◆ Directions
Repeat all entries word for word; skip images.

Text-to-region grounding data
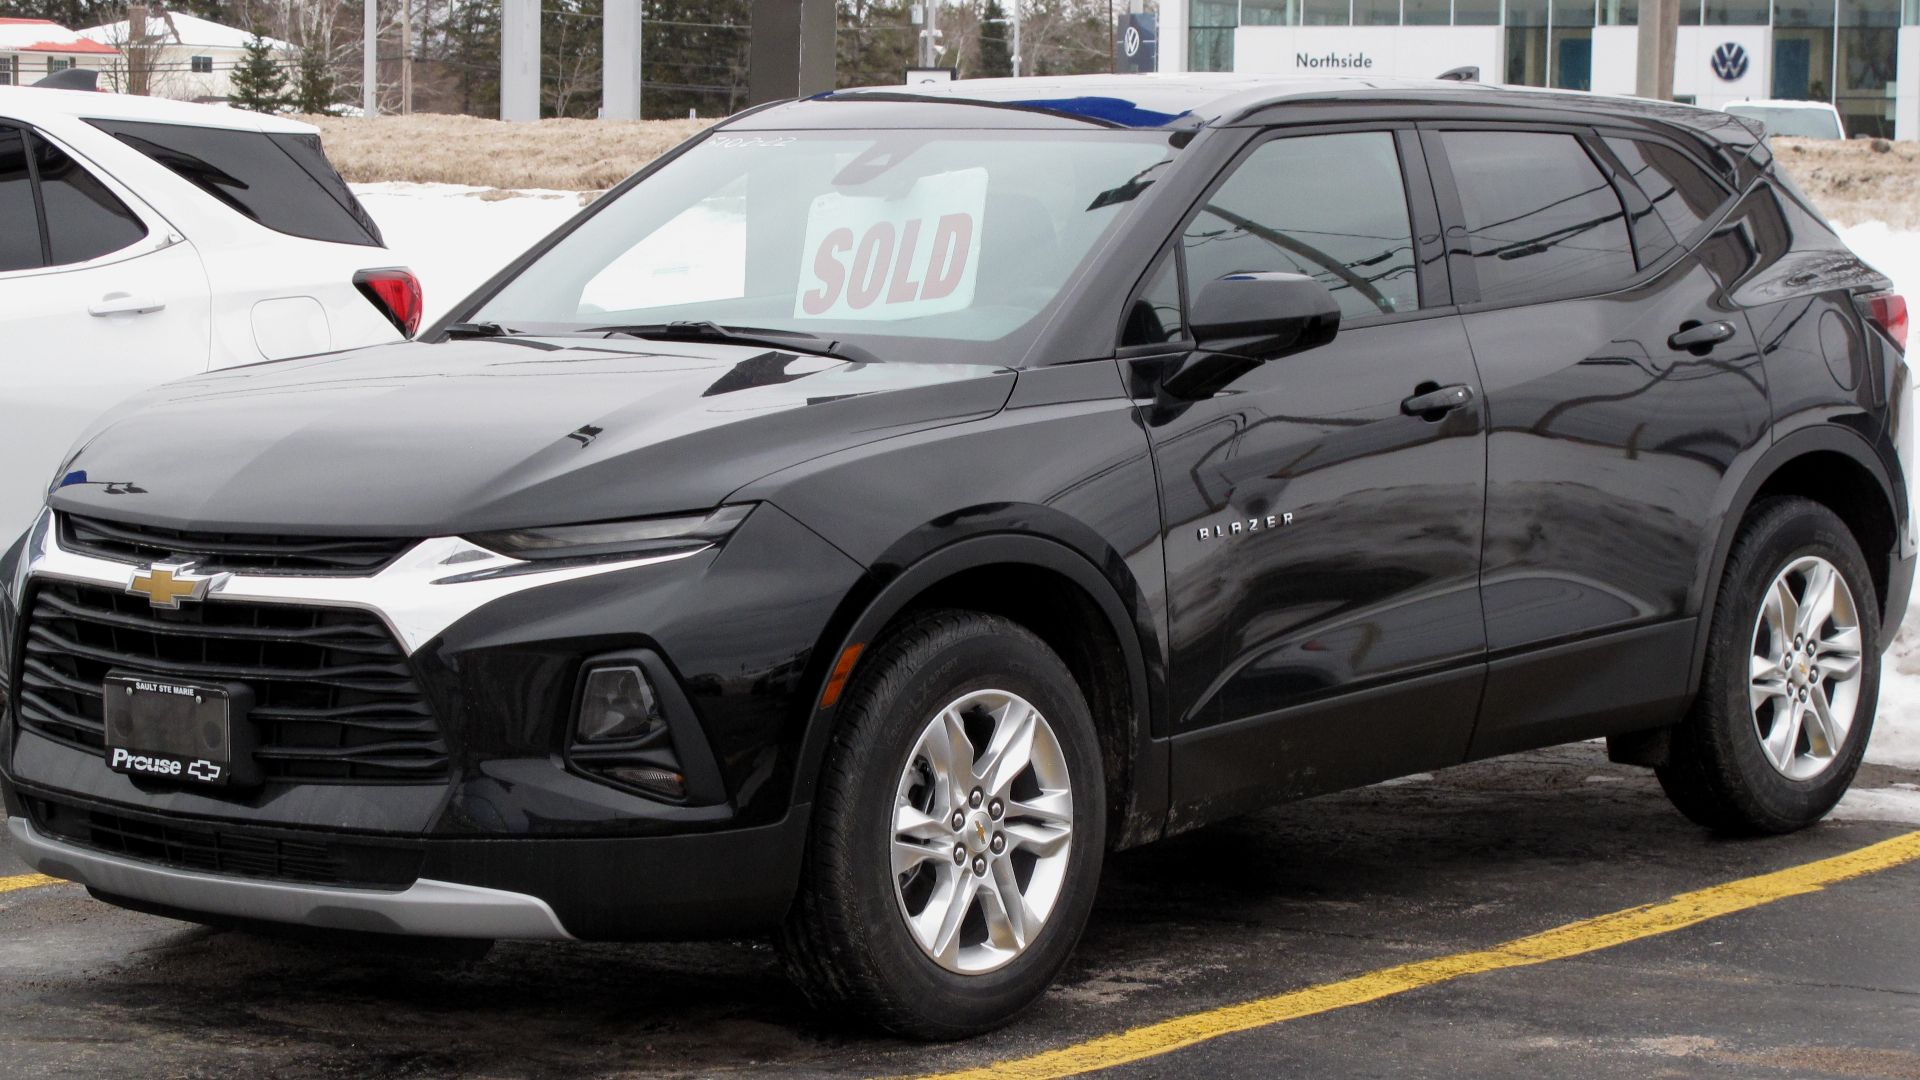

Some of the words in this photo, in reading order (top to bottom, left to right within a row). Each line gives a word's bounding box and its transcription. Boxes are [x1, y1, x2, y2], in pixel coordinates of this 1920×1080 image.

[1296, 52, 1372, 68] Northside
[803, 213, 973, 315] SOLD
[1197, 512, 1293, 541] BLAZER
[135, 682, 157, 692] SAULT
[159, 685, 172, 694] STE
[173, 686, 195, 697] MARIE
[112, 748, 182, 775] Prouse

◆ Answer area
Some of the words in this photo, in reading order (top to bottom, left to right within a row). Each line gives a word's bounding box and its transcription. Boxes are [x1, y1, x2, y2], in pixel coordinates of this 1920×1080 image.

[1296, 52, 1372, 68] Northside
[803, 213, 973, 315] SOLD
[1197, 512, 1293, 541] BLAZER
[135, 682, 157, 692] SAULT
[159, 685, 172, 694] STE
[173, 686, 195, 697] MARIE
[112, 748, 182, 775] Prouse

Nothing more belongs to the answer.